Recent Trends (Post-COVID): The COVID-19 pandemic caused a significant contraction in economic activity in 2020-21. However, the economy has rebounded strongly in 2021-22 and 2022-23, driven by a recovery in services and a moderate growth in industry. Agriculture remained resilient throughout the pandemic.

Conclusion

Over the last five decades, India’s national income has undergone a significant transformation, shifting from an agrarian-based economy to a service-led one. While economic liberalization and globalization have spurred growth, challenges remain in accelerating industrialization and ensuring inclusive growth. Sustaining high growth rates requires addressing structural issues such as infrastructure deficits, skill gaps, and agricultural productivity. The future trajectory of India’s national income will depend on its ability to leverage its demographic dividend, promote innovation, and adapt to the changing global economic landscape.

Answer Length

This is a comprehensive model answer for learning purposes and may exceed the word limit.
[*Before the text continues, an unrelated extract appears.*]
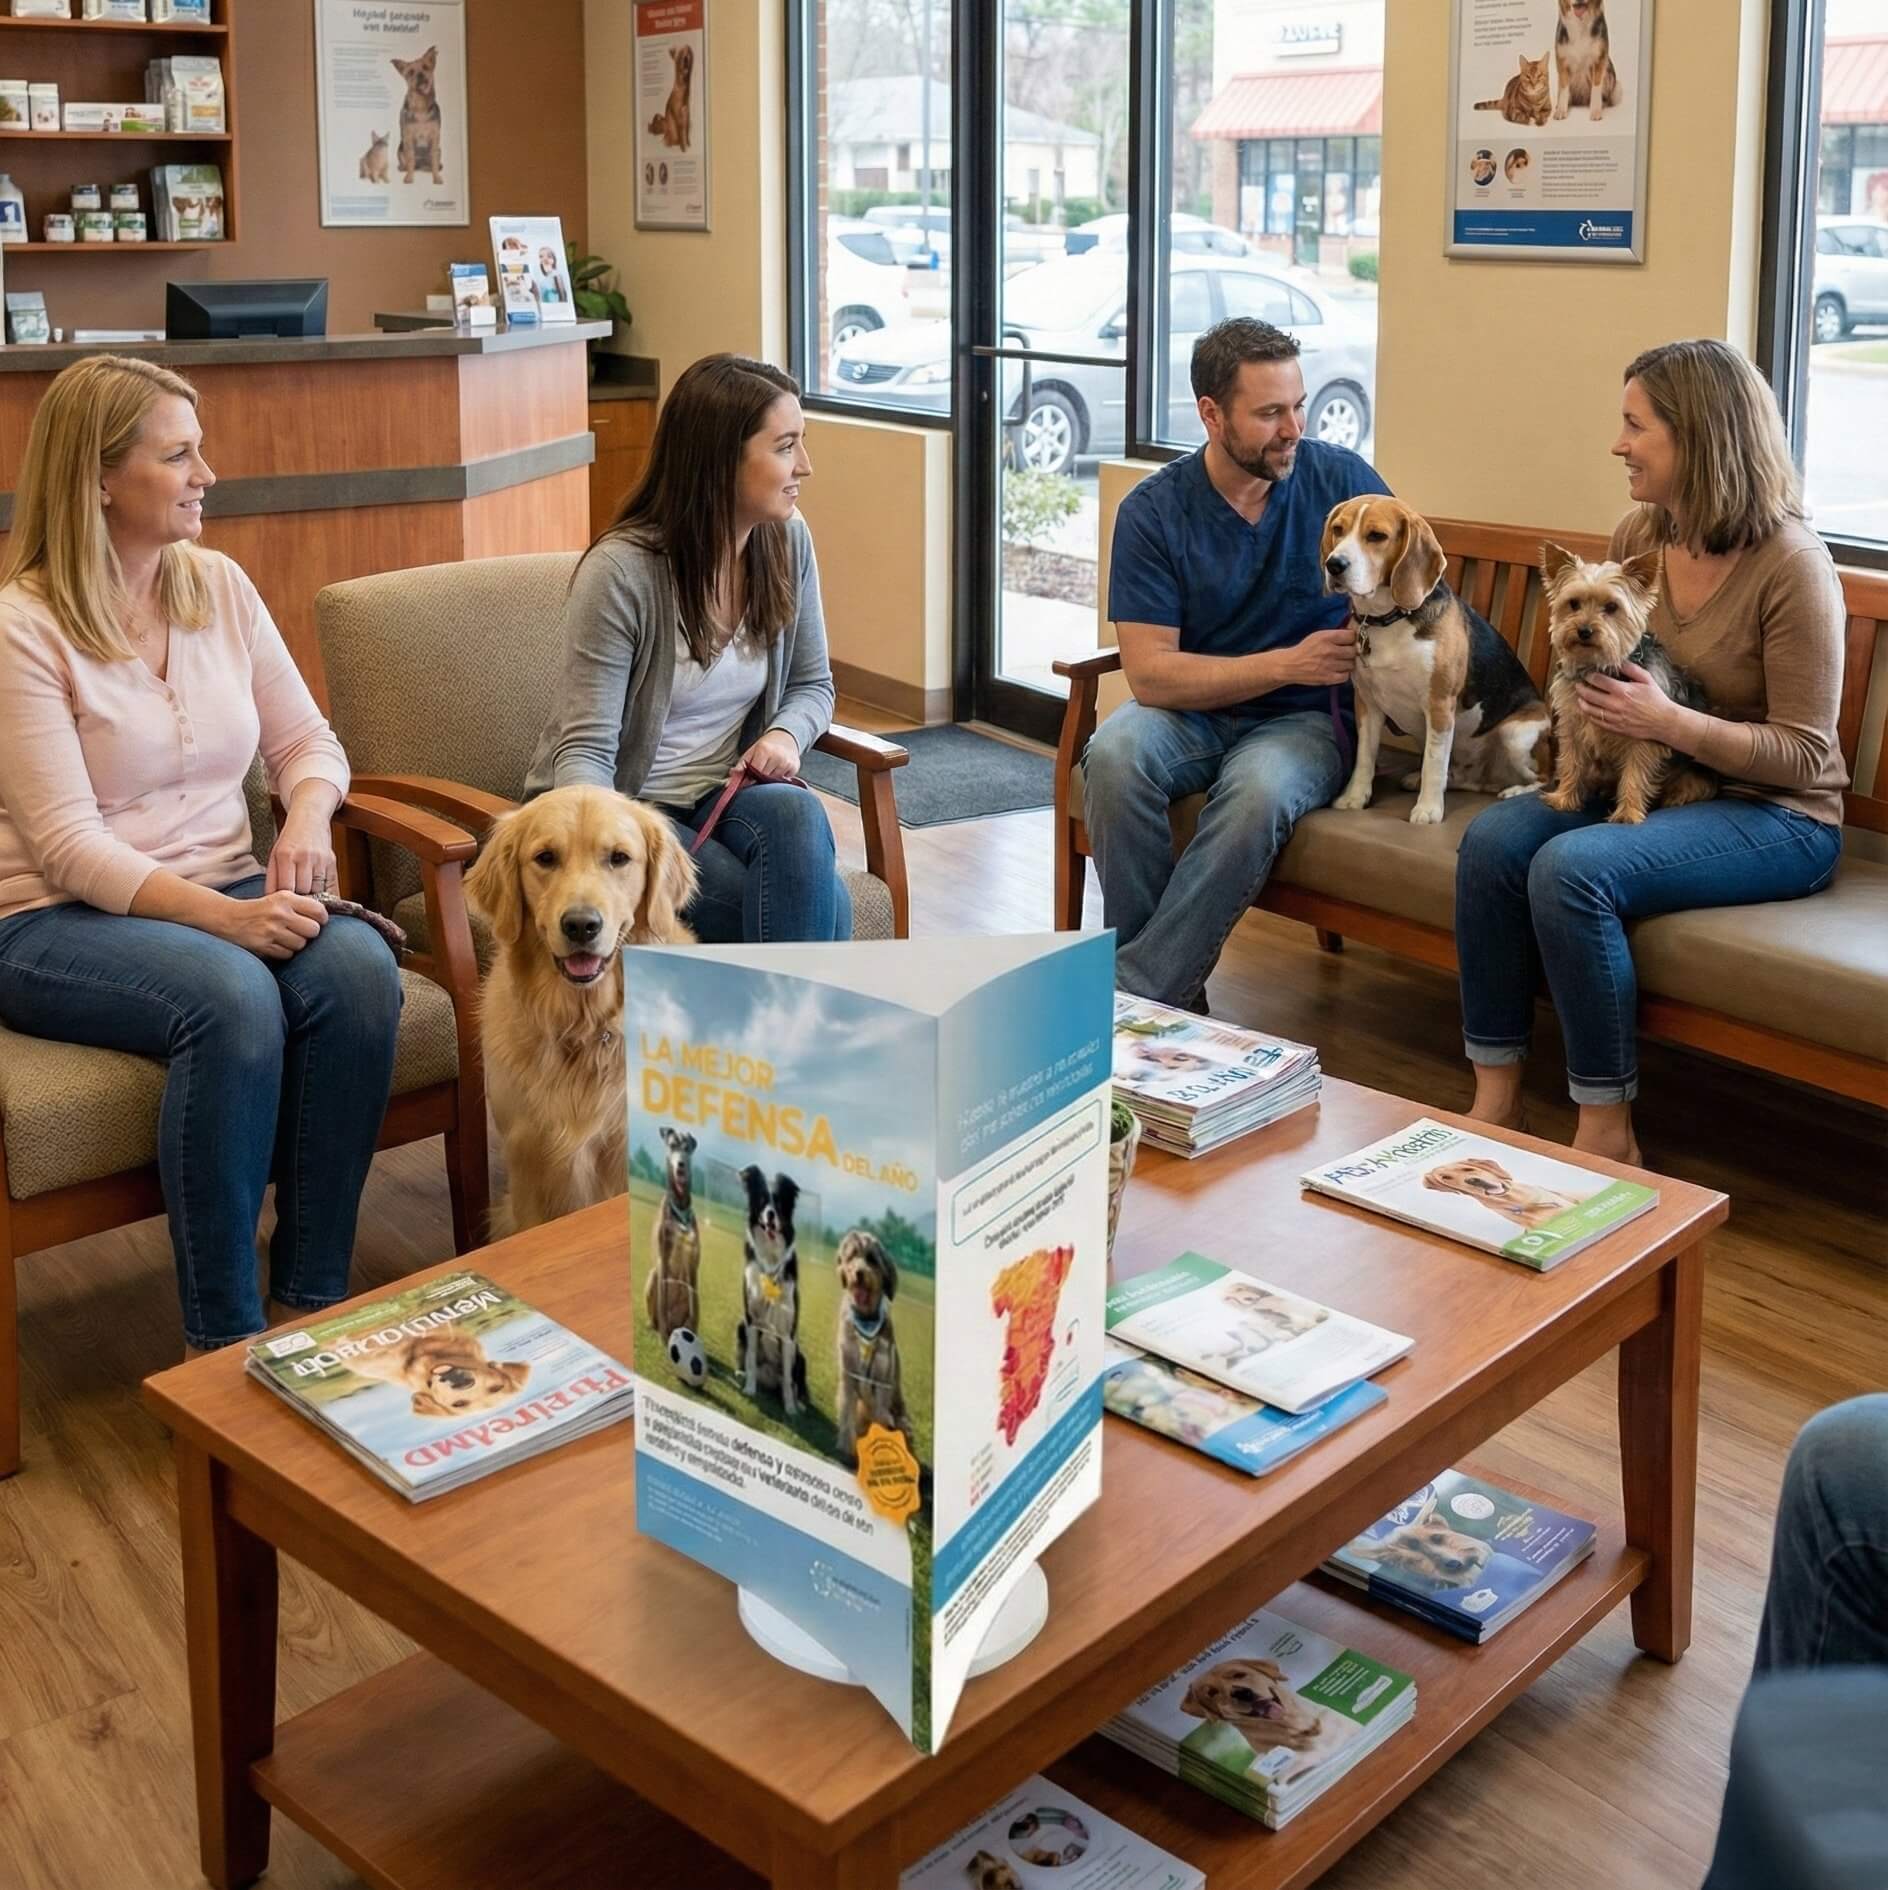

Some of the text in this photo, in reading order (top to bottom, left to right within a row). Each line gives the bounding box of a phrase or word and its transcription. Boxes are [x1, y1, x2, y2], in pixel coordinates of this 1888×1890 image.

[640, 1031, 776, 1091] LA MEJOR
[640, 1067, 919, 1192] DEFENSA DEL AÑO
In the exam, always adhere to the prescribed word count.

Additional Resources

Key Definitions

Gross Domestic Product (GDP)
The total monetary or market value of all final goods and services produced within a country’s borders in a specific time period.
Per Capita Income
A measure of the average income earned per person in a given area (city, region, country) in a specific time period.

Key Statistics

India's GDP growth rate was 7.2% in FY23 (as per the National Statistical Office - NSO, May 2023).

Source: National Statistical Office (NSO), Ministry of Statistics and Programme Implementation

India’s per capita income (at current prices) was estimated at ₹1.68 lakh in FY23.

Source: Reserve Bank of India (RBI), Handbook of Statistics on the Indian Economy (as of knowledge cutoff)

Examples

The Green Revolution

The Green Revolution (1960s-1970s) significantly boosted agricultural production in India, contributing to increased national income and food security. It involved the introduction of high-yielding varieties of seeds and improved irrigation techniques.

Frequently Asked Questions

What is the significance of the services sector in India’s economic growth?

The services sector has been the primary driver of India’s economic growth in recent decades, contributing over 50% to GDP. It provides employment opportunities, attracts foreign investment, and generates export earnings.